Once out, the medical droid insists that Captain Andor is fine and will make a full recovery, but Jyn refuses to leave. Bodhi and K2 are both ordered back to duty, but Jyn refuses, inviting a court martial until Draven backs down. She doesn’t care if the droid thinks he's fine; she’s not leaving.

And when he’s resting on a cot instead of in a tank, he falls asleep easier knowing she’s there.

(She stayed.)

+

Her breath catches in her throat every time his chest rises and falls, and she has to remind herself _he’s going to be okay, the droid said he’ll be fine, it's no worse than Scarif, he’s going to be okay –_

But even the thought of Scarif, of him being injured like that again, makes her breath come short and her pulse pound in her ears, until she gives up and crawls from the chair beside his cot to a space beside him.

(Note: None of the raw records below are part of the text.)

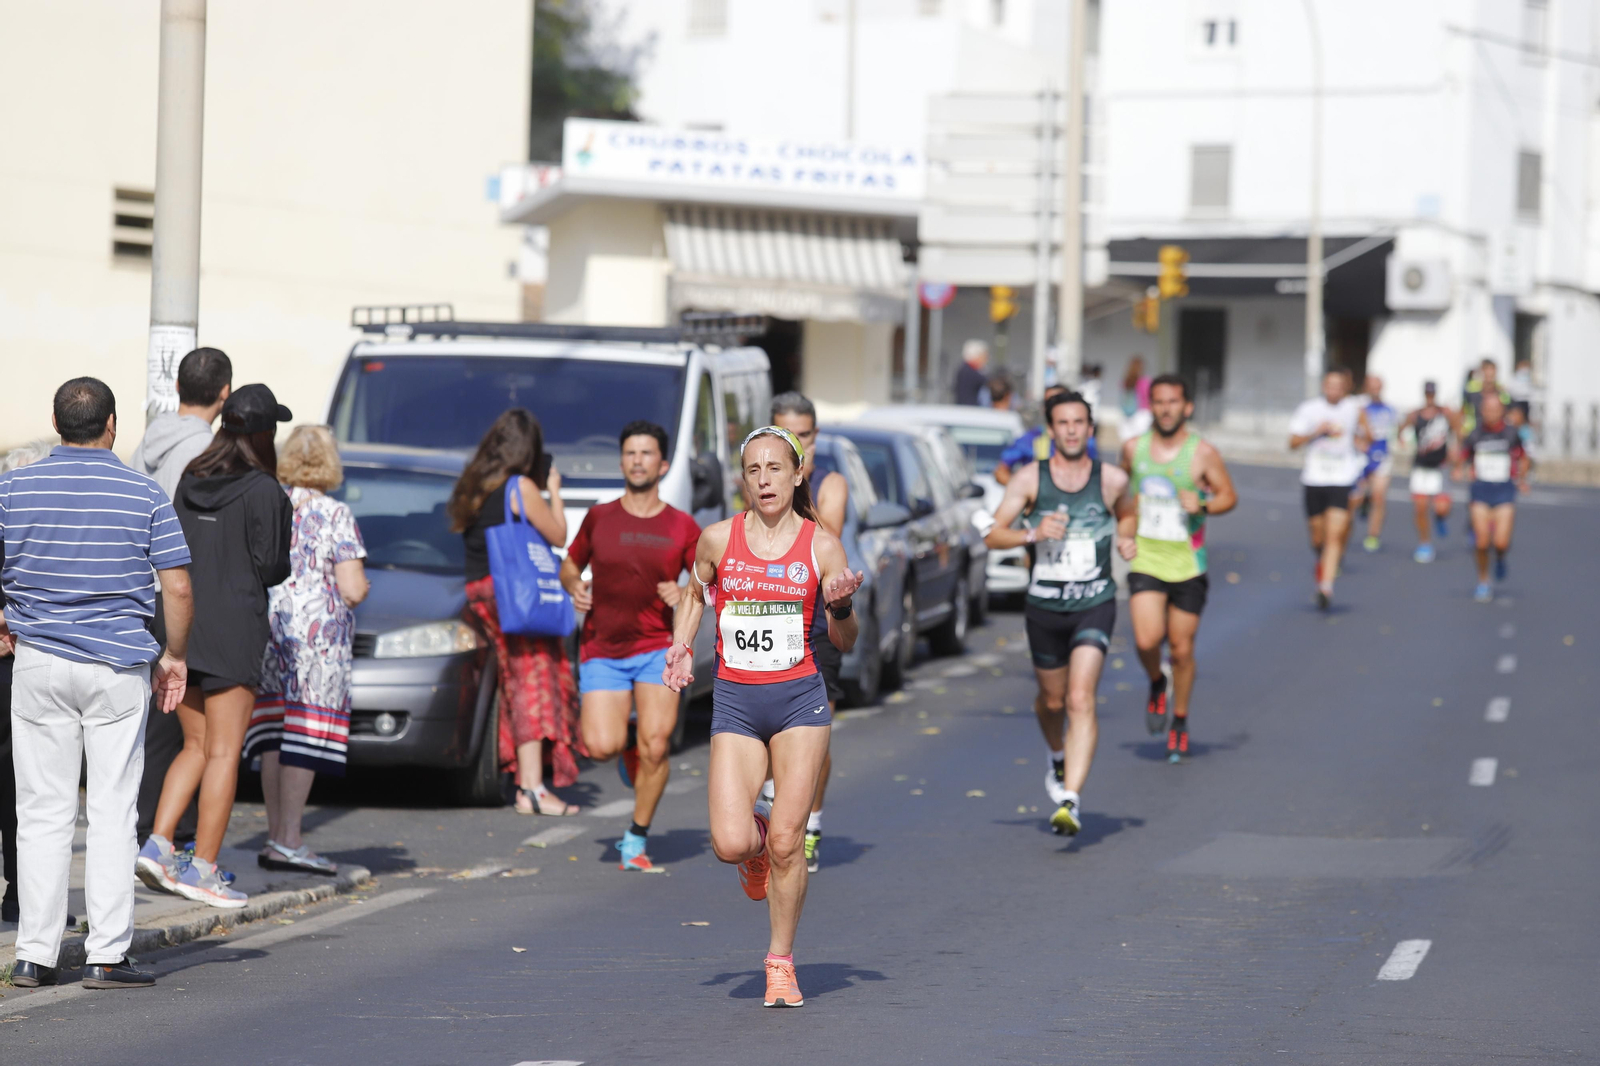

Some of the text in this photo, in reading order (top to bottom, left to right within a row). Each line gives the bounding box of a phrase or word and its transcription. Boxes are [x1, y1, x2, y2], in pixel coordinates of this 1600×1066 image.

[608, 131, 749, 157] CHURROS
[649, 160, 896, 189] PATATAS FRITAS
[757, 582, 807, 596] FERTILIDAD
[737, 605, 761, 614] VUELTA
[762, 605, 768, 614] A
[769, 604, 797, 614] HUELVA
[735, 629, 774, 652] 645

There's not much room, but when she rests her hand on his heart again, can feel it steady and sure beside her, her breathing slows and evens.

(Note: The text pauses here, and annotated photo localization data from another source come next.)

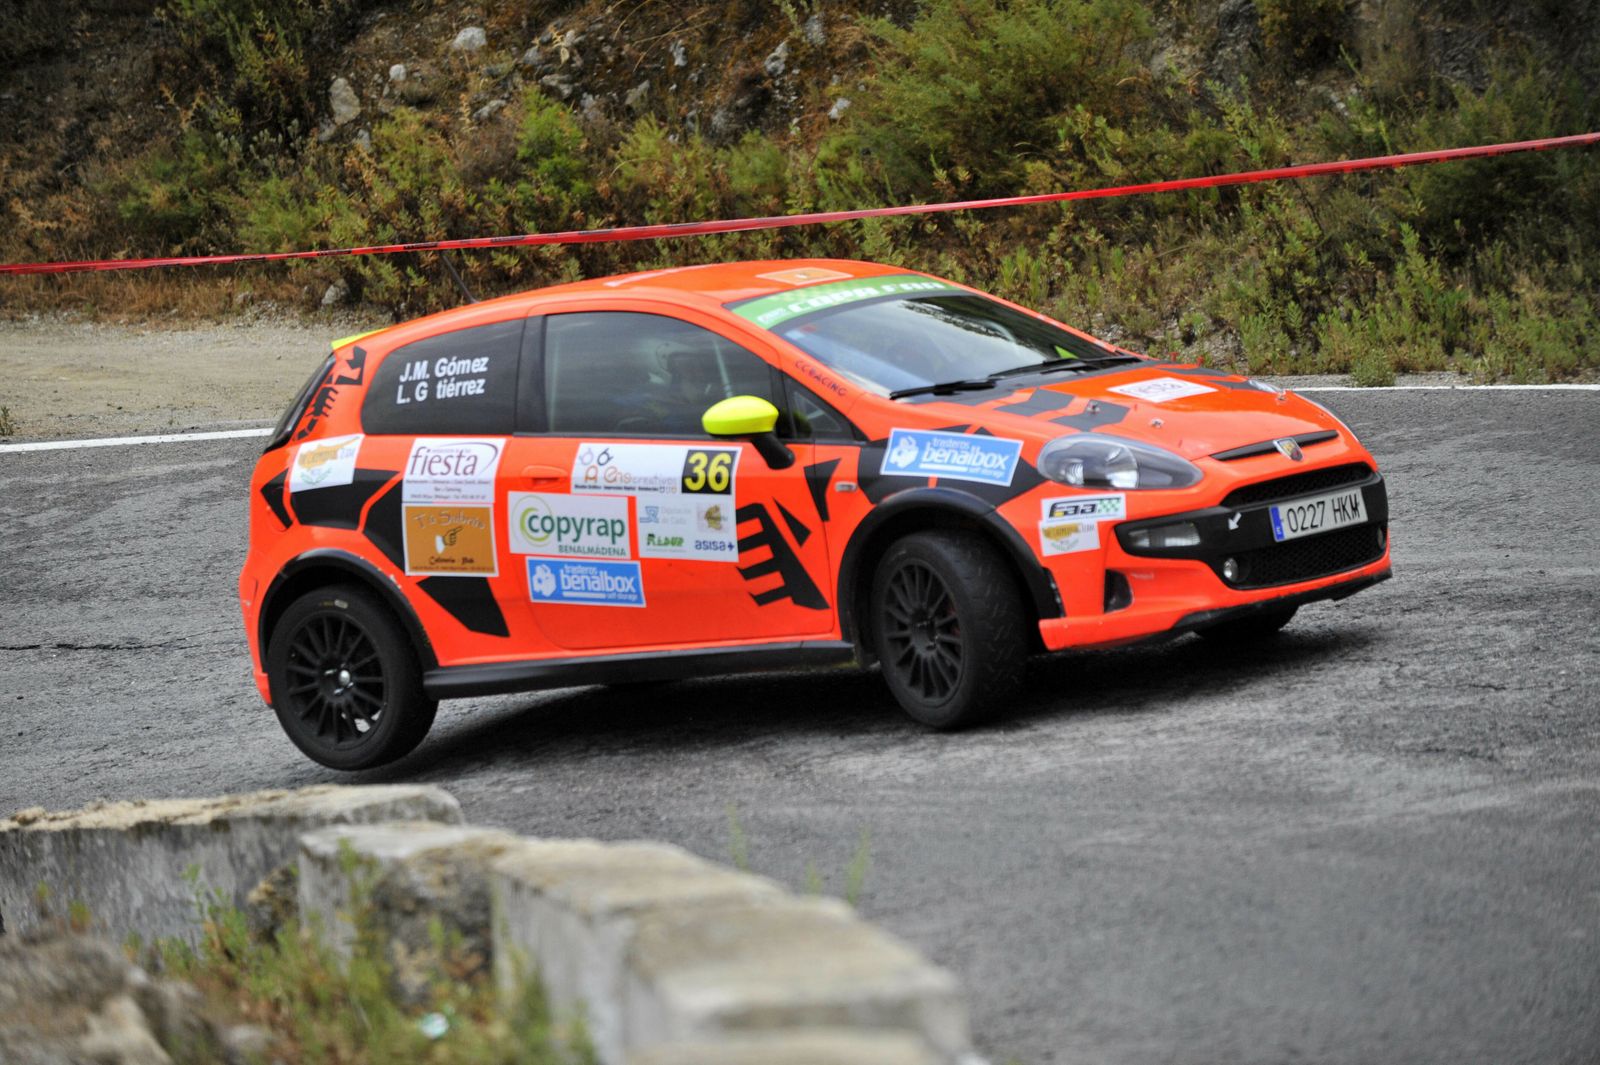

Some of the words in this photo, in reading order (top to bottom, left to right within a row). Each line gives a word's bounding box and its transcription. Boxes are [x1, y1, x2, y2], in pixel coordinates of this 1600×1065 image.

[399, 360, 430, 382] J.M.
[434, 356, 490, 378] Gómez
[396, 384, 411, 404] L.
[409, 446, 479, 476] fiesta
[920, 441, 1010, 471] benalbox
[684, 452, 732, 492] 36
[526, 513, 626, 544] copyrap
[1286, 501, 1326, 533] 0227
[694, 539, 726, 551] asisa
[559, 569, 637, 593] benalbox

( _He is alive. He is here. We are all here._ )

His eyes don’t open, but when his hand curls around her own she relaxes enough to eventually drift off to sleep.

+

She's doesn't much care what the other Rebels think, or what General Draven yells at her about shirking her duty. When Skywalker suggests in that mild tone of his that they deserve some shore leave (even though there's nowhere to go), the Alliance finally leaves them alone. When Cassian is released from the medbay, she finds herself in his quarters once again, unsteady and unsure for the first time since this started.

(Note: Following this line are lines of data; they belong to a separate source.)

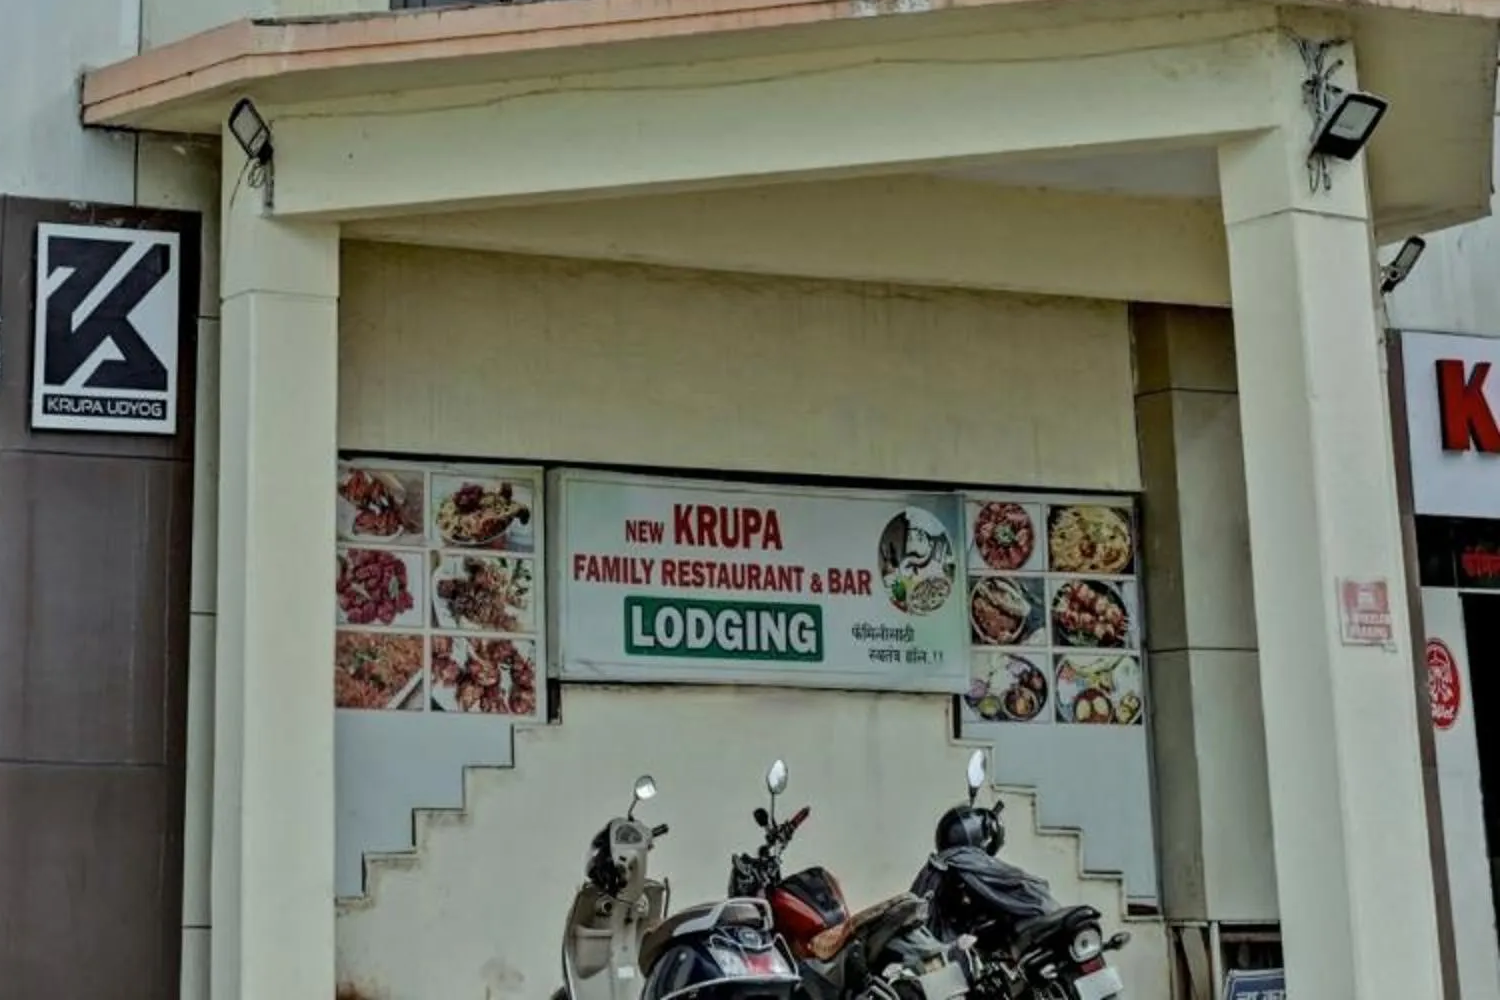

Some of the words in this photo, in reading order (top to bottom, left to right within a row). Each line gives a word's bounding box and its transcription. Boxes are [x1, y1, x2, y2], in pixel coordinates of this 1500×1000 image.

[47, 396, 104, 414] KRUPA
[107, 400, 163, 417] UDYOG
[1435, 359, 1500, 453] K
[625, 520, 663, 544] NEW
[673, 504, 783, 550] KRUPA
[573, 553, 653, 586] FAMILY
[661, 560, 804, 593] RESTAURANT
[811, 573, 823, 594] &
[827, 568, 872, 596] BAR
[631, 604, 817, 654] LODGING

“Are you coming in?” he asks, looking up from unpacking his mission bag (at last), and she runs a nervous hand in her hair before wandering inside.

“You’re doing better,” she says, sitting on his bunk and trying to keep her voice even, looking anywhere but at his face. She’s not prepared, then, when he sits next to her and wraps her in a hug, his hand nestling in her hair.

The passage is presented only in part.